A Nova Lei
A nova legislação reforçou que o dever parental não se limita ao cumprimento de obrigações financeiras. A ausência de cuidado e convivência também pode gerar responsabilidade civil. Lei
Com a Lei nº 15.240/2025, o abandono afetivo passou a ter previsão expressa como ilícito civil, deixando claro que o papel dos pais envolve não apenas sustento, mas também presença, orientação e acompanhamento no desenvolvimento dos filhos.
Na prática, a omissão no dever de cuidado e convivência pode ser considerada conduta ilícita quando houver ausência injustificada e impacto relevante na formação emocional da criança ou do adolescente.
A lei não impõe obrigação de sentimento, mas responsabiliza quem deixa de cumprir deveres básicos de cuidado. O pagamento de pensão alimentícia continua sendo obrigatório, porém não substitui a convivência e o apoio emocional.
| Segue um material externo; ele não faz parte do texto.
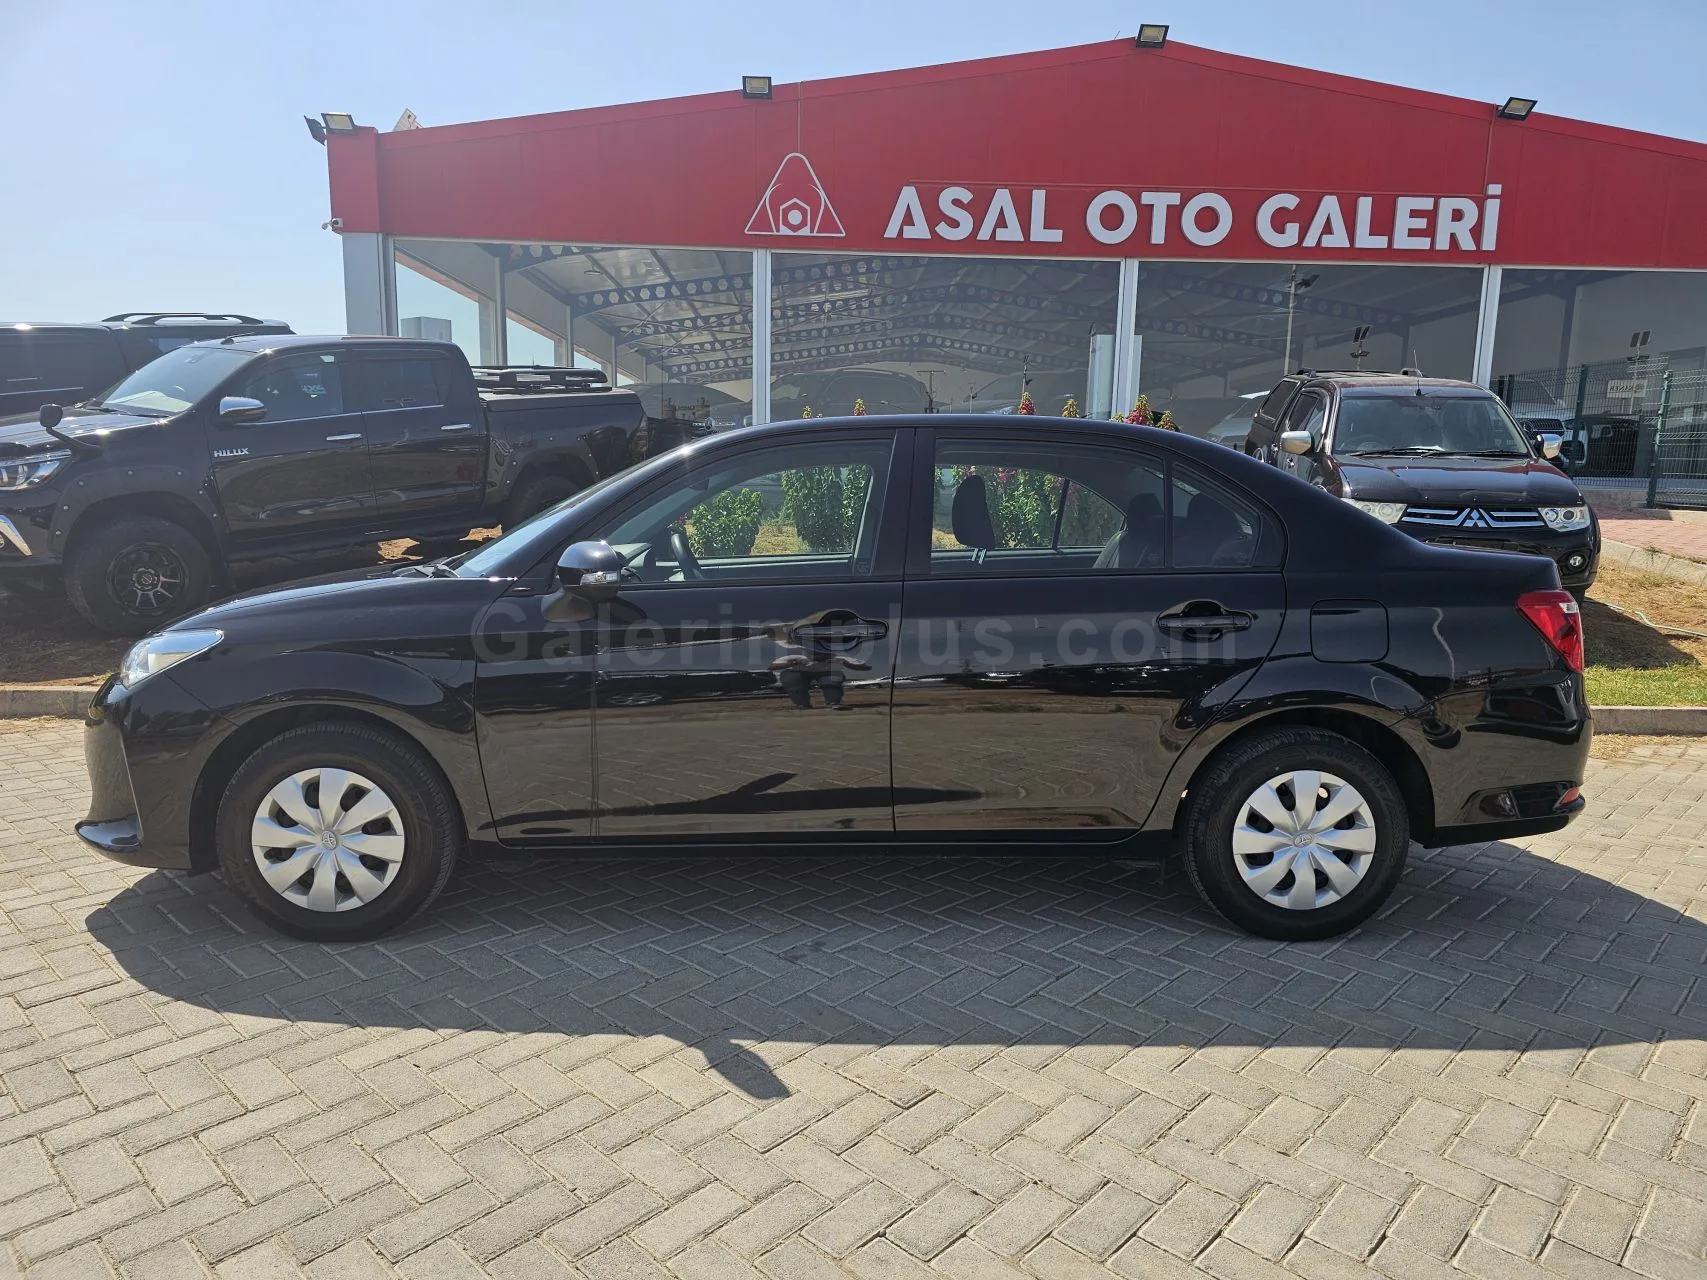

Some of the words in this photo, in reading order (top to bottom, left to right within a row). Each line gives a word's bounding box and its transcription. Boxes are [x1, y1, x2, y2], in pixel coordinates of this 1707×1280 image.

[883, 186, 1063, 243] ASAL
[1086, 190, 1233, 247] OTO
[1255, 183, 1503, 251] GALERİ
[214, 448, 249, 457] HILUX
Quando comprovado o abandono afetivo e seus efeitos, a Justiça pode reconhecer o direito à indenização por danos morais e, em alguns casos, materiais, sem excluir a obrigação de pagar pensão.
A produção de provas é essencial. Laudos psicológicos, testemunhas, registros de ausência prolongada e outros documentos podem demonstrar os impactos causados.